Quem nunca se deixou influenciar por aquilo que um amigo de um amigo contou? Ou pela sugestão do vizinho de uma prima? Em nossos círculos sociais, somos constantemente influenciados — e vivemos influenciando — de forma indireta.

Em redes sociais, por exemplo, efeitos indiretos pautam a difusão de diferentes comportamentos, seja o consumo de bebidas alcoólicas e drogas, seja a cooperação entre indivíduos, o altruísmo e a percepção de felicidade em determinada população. Efeitos indiretos também podem controlar a disseminação de doenças contagiosas, o surgimento de inovações em diferentes áreas e a interconexão de mercados globais. Em geral, todo processo que se propaga por meio das interações entre os elementos de um sistema depende, em última instância, de efeitos indiretos.

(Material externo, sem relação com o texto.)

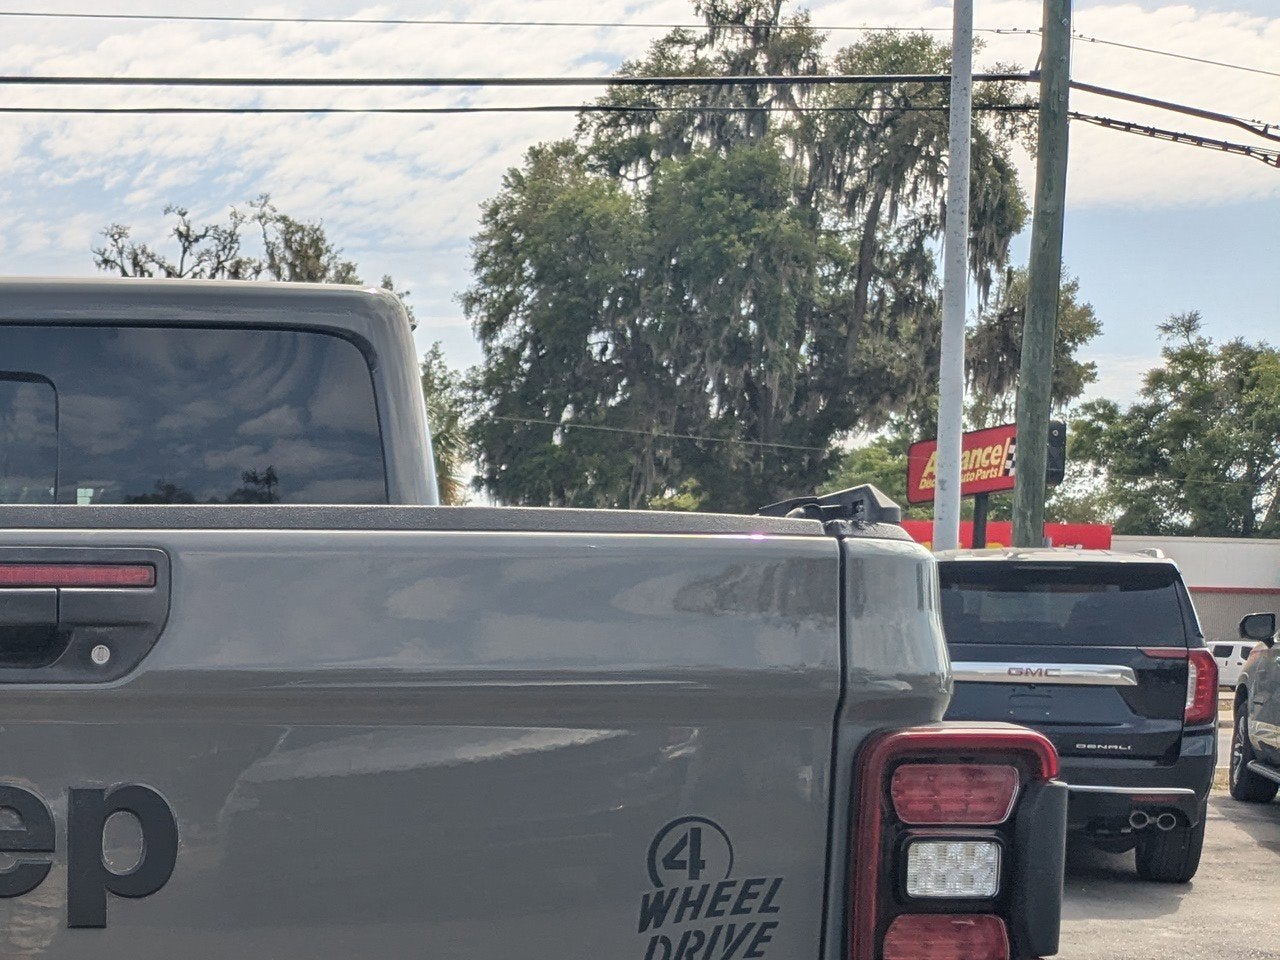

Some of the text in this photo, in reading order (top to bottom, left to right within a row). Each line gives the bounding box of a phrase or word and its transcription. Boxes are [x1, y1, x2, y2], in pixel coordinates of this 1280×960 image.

Arte ilustra uma mão sobre peças de quebra-cabeça. em segundo plano há plantas variadas
Ilustração: Clarice Wenzel - Instituto Serrapilheira

Na natureza ocorre o mesmo: numa comunidade ecológica, milhares de indivíduos de espécies diferentes interagem. Ao longo de uma simples caminhada no campus da Universidade de São Paulo, ao observar borboletas, abelhas e moscas polinizando as flores, nota-se quão numerosas são as oportunidades de influências indiretas. Por exemplo, uma borboleta pode esgotar ou reduzir a quantidade de néctar de uma flor e assim prejudicar uma abelha que mais tarde vai visitar essa mesma flor. Nesse caso, trata-se de um efeito indireto ecológico mediado pela influência de uma espécie na densidade de um recurso (o néctar) compartilhado com outras espécies.

Mas as espécies também podem se influenciar indiretamente por efeitos evolutivos. A capacidade da borboleta — para retomar o exemplo — de consumir néctar e polinizar uma planta depende do ajuste de sua probóscide — seu aparelho bucal sugador — ao tubo polínico da flor. Portanto, numa determinada população seriam beneficiados tanto os indivíduos dessa espécie de borboleta quanto da espécie de planta cujos atributos se ajustam e geram uma interação mais eficiente, com uma aquisição maior de recursos pelos insetos, e uma eficiência maior de polinização da planta.

Como consequência, a interação ecológica entre a planta e a borboleta pode resultar em pressões seletivas que favorecem atributos com um maior ajuste, causando mudanças evolutivas em ambas as espécies. Se tais mudanças são recíprocas, o fenômeno é definido como coevolução.

O que ocorre, porém, quando uma terceira espécie também coevolui com a planta, como determinadas abelhas ou moscas? E se considerarmos uma comunidade com centenas de espécies de plantas e de polinizadores? É nesses cenários que se manifestam os efeitos evolutivos indiretos. O desafio, então, é quantificar a magnitude de tais efeitos e identificar as consequências para a ecologia e a evolução de espécies na natureza. E é sobre esse desafio que se debruça minha pesquisa de doutorado em ecologia na USP, sob orientação do biólogo Paulo Guimarães Jr.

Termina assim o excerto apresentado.